-- WHAT YOU NEED TO DO --
What you output must match the entries exactly, apart from the pictures, which are left out.
== Segment start ==
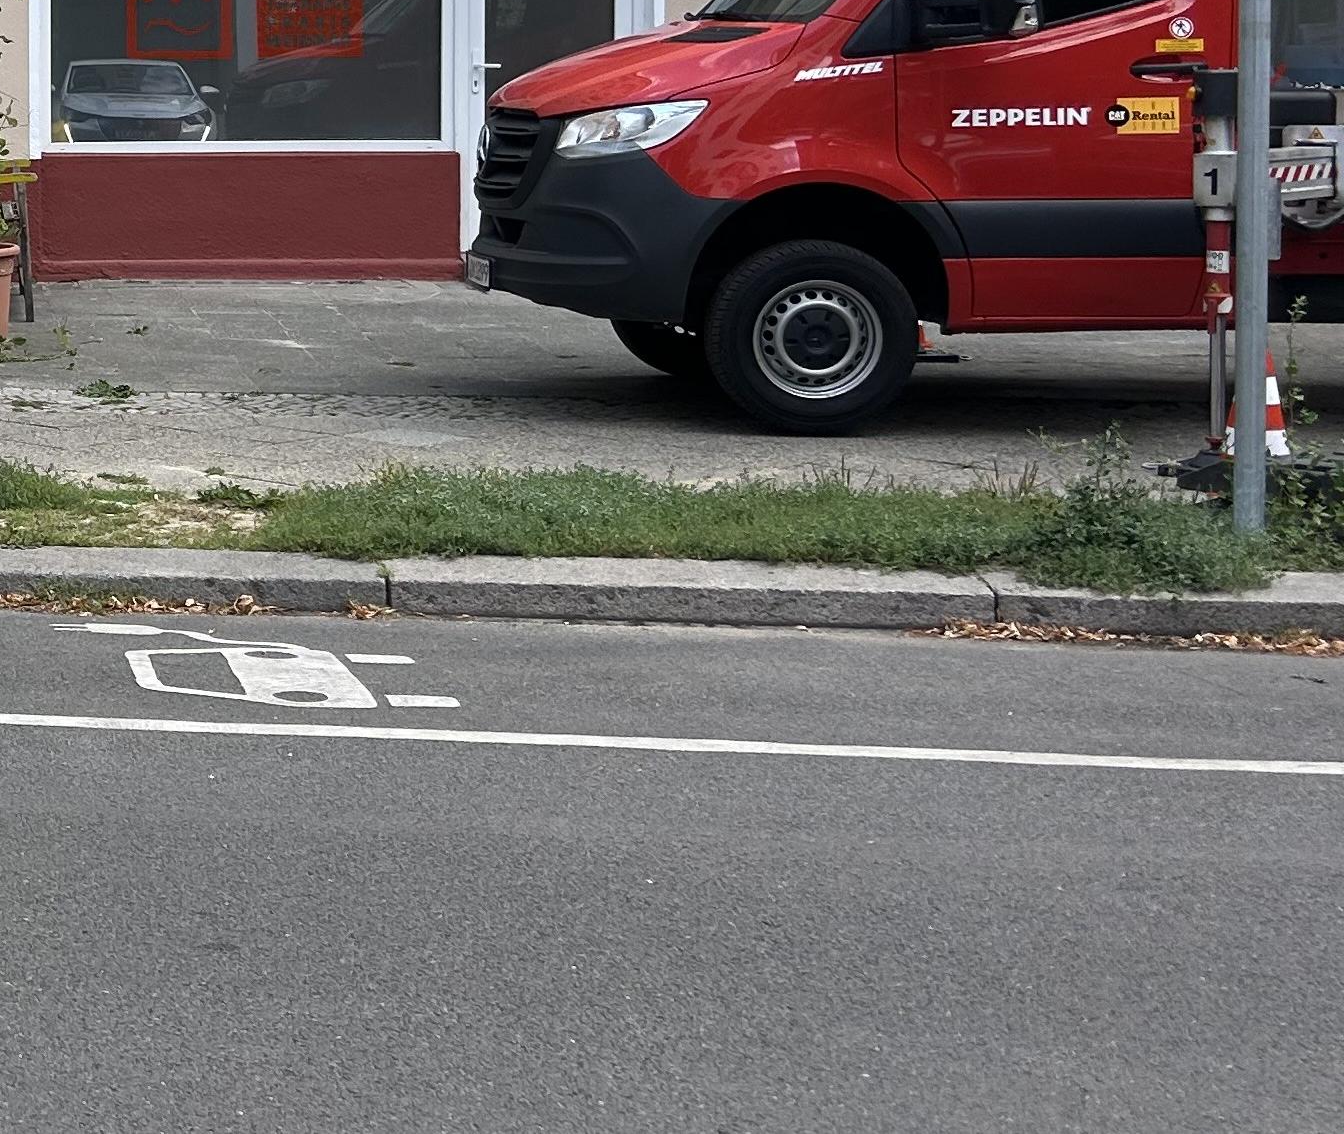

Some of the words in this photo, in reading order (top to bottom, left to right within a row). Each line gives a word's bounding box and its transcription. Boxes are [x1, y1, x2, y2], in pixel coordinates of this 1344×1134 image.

[793, 61, 884, 82] MULTITEL
[950, 107, 1089, 127] ZEPPELIN
[1108, 110, 1126, 121] CAT
[1131, 110, 1176, 121] Rental
[1204, 168, 1219, 196] 1
== Segment end ==
-- FINAL ANSWER --
Some of the words in this photo, in reading order (top to bottom, left to right within a row). Each line gives a word's bounding box and its transcription. Boxes are [x1, y1, x2, y2], in pixel coordinates of this 1344×1134 image.

[793, 61, 884, 82] MULTITEL
[950, 107, 1089, 127] ZEPPELIN
[1108, 110, 1126, 121] CAT
[1131, 110, 1176, 121] Rental
[1204, 168, 1219, 196] 1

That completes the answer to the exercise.